People can debate the delivery of her message and its implications to both the LGBT community and people of color, but there’s no denying that a wage gap exists based on gender in this country. According to the White House, full-time working women earn 77% of what their male peers earn.
 
Using data from the U.S. Labor Department, The Wall Street Journal recently broke down the pay gap within professions. According to these numbers, the widest gap in full-time weekly earnings was in the legal profession, where women earn just 56.7% of men working in the same occupation. Female chief executives earned 70%. Circling back to Hollywood, last year’s leaked Sony emails revealed that A-list actresses Amy Adams and Jennifer Lawrence were paid less than their male co-stars for the film American Hustle.
 
No doubt there are numerous factors at play here, including family responsibilities…or more accurately, cultural perceptions of family responsibilities: consciously or subconsciously, an employer might assume that a woman (whether she has children or not) will have different priorities than a man.
 
In my opinion, there’s also a matter of our perception of leadership. Our society may see women as smart, capable, and hard-working, but not necessarily as leaders. There’s a general idea that a female lead can’t carry a Hollywood blockbuster to the same degree as a man.
 
As a women, mother, and CEO, I find this disheartening, but I do believe that cultural perceptions of women in leadership are shifting.
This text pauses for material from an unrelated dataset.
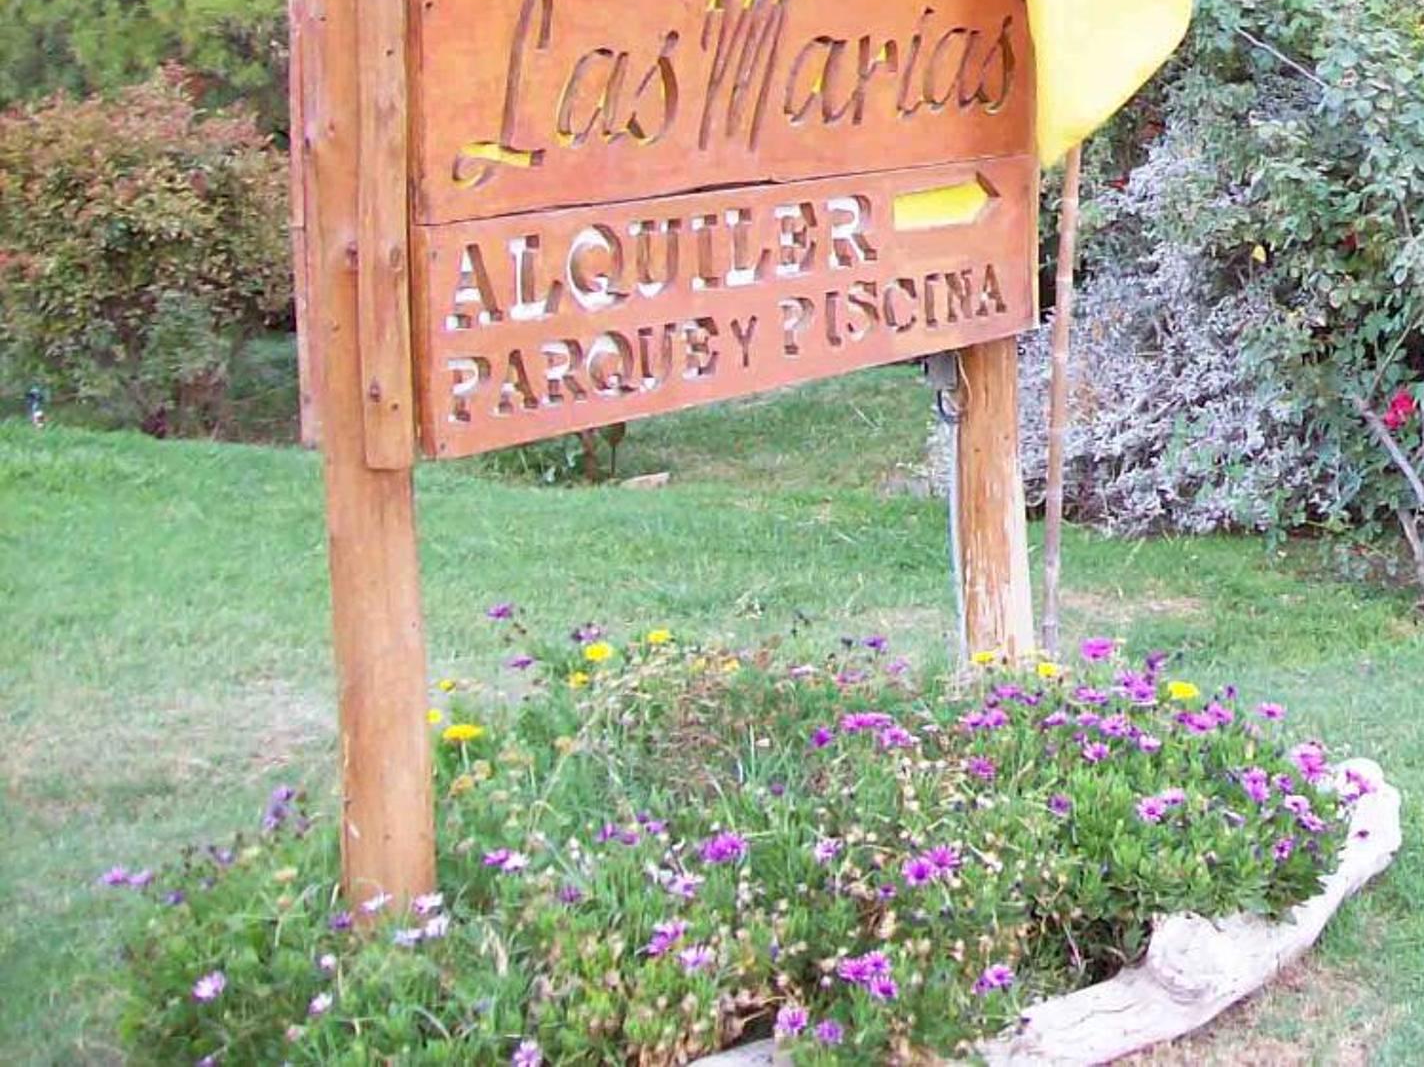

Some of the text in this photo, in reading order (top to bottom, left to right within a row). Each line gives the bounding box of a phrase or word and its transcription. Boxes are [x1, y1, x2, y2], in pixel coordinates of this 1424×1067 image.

[445, 194, 878, 330] ALQUILER
[443, 263, 1007, 422] PARQUE Y PISCINA
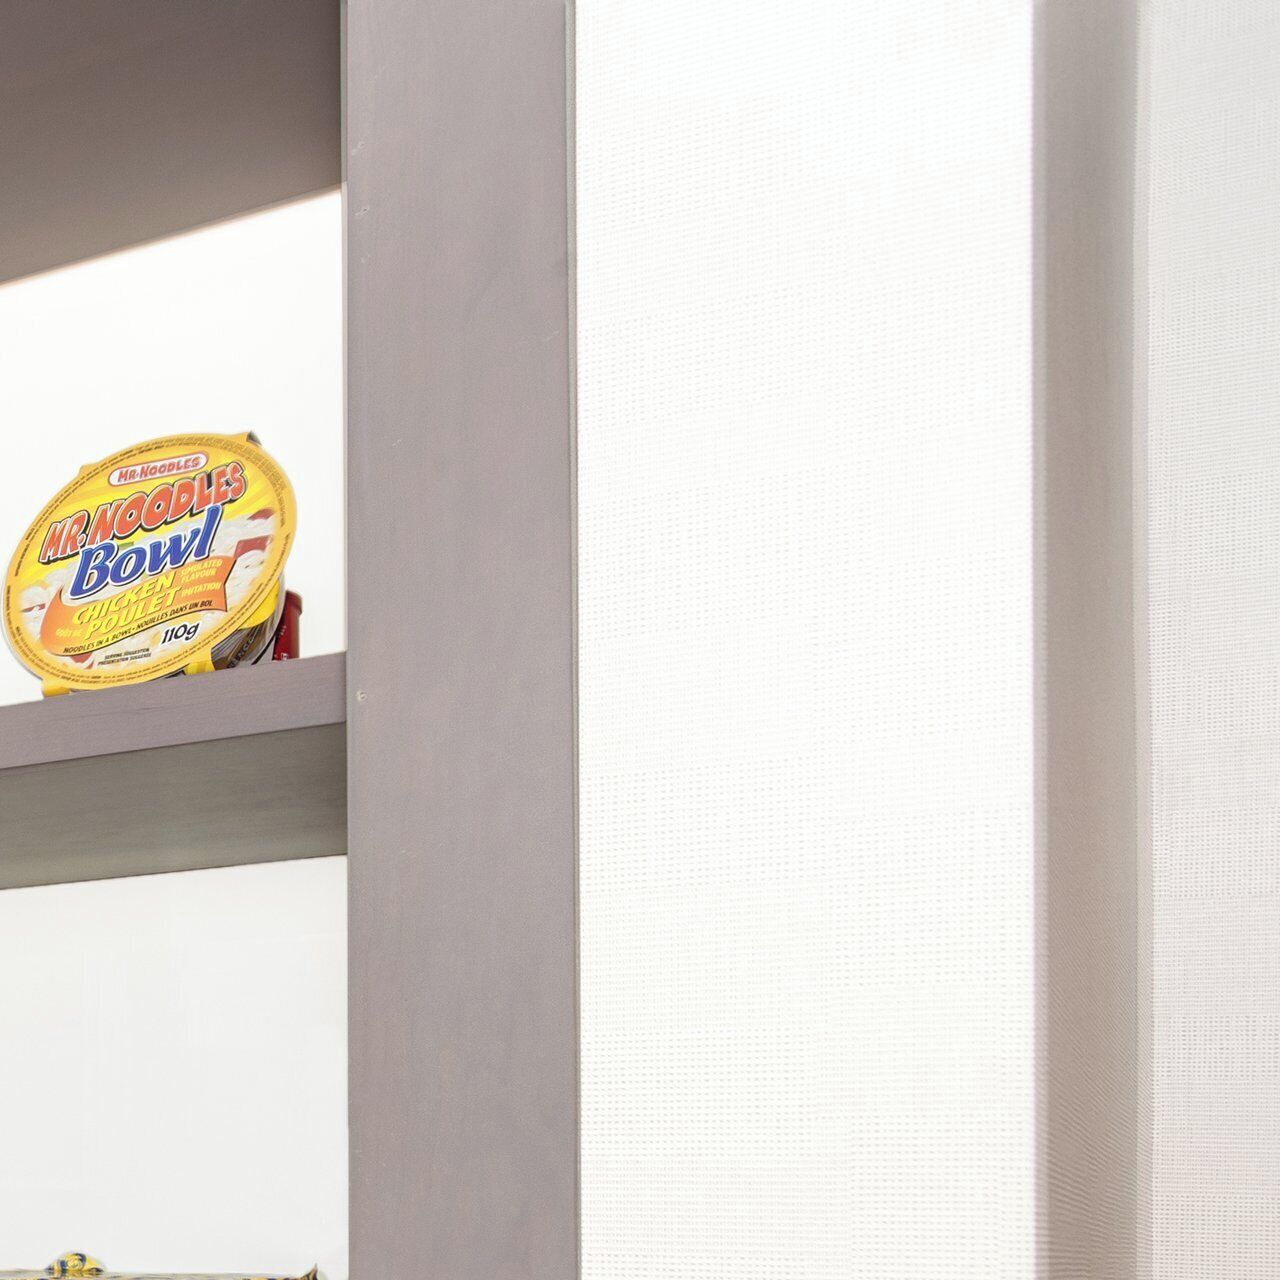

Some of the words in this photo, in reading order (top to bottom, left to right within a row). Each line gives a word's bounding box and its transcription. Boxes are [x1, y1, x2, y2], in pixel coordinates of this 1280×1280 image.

In the past, female CEOs were often limited to selling products and services to other women. But today, we’re seeing women build great companies across all sectors and areas.
 
A report from Dow Jones VentureSource found that venture-backed companies with female senior executives were more likely to succeed. I have a few ideas why:
 
Women are strong communicators
Managing teams requires good communication skills and social intelligence – areas which numerous studies have shown women enjoy a slight edge over men. A Columbia Business School program teaches social intelligence, including how to read facial expressions and body language. “We never explicitly say, ‘Develop your feminine side,’ but it’s clear that’s what we’re advocating,” said Jamie Ladge, a business professor at Northeastern University.
 
Women are good listeners
A study documented in the Harvard Business Review found that the collective intelligence of a group rose if the group included more women. Professor Anita Woolley explained the findings: “What do you hear about great groups? Not that the members are all really smart but that they listen to each other. They share criticism constructively. They have open minds. They’re not autocratic.” A strong ability to listen creates several advantages for entrepreneurs and leaders, as they are better attuned to the needs of customers, employees, and partners.
 
Women collaborate
In the earliest female enterprises, women worked together, such as dividing grains in the village and collaborating in quilting bees. Business is all about relationships, between customers, clients, and vendors. I have found that many women CEOs see building a business as building a team.
 
Women are pragmatic
Kevin O’Leary, an investor known as Mr. Wonderful on ABC’s Shark Tank, stated that he has made more money with women executives. “[Women] are more goal orientated in terms of setting targets and meeting them. If they say, ‘I am going to expand capacity or we’re going to increase distribution in the next quarter’, they deliver,” he explained. “It’s not an intuitive feeling. It’s actual hardcore results.”
 
More female business owners in 2015
According to the 2014 American Express OPEN State of Women-Owned Business report, women are starting an average of 1,200 businesses a day (up from 740 a day in the 2013 report).
 
One promising factor is that the Internet has greatly reduced many of the upfront expenses needed to launch a business. This is going to continue to create more opportunities for a diverse group of people, and that includes women, to thrive as business leaders and bring their great ideas to the market.
 
My hope is that by the time my two daughters and two sons reach adulthood, we can stop talking about the number of female CEOs and the pay gap will be closed once and for all.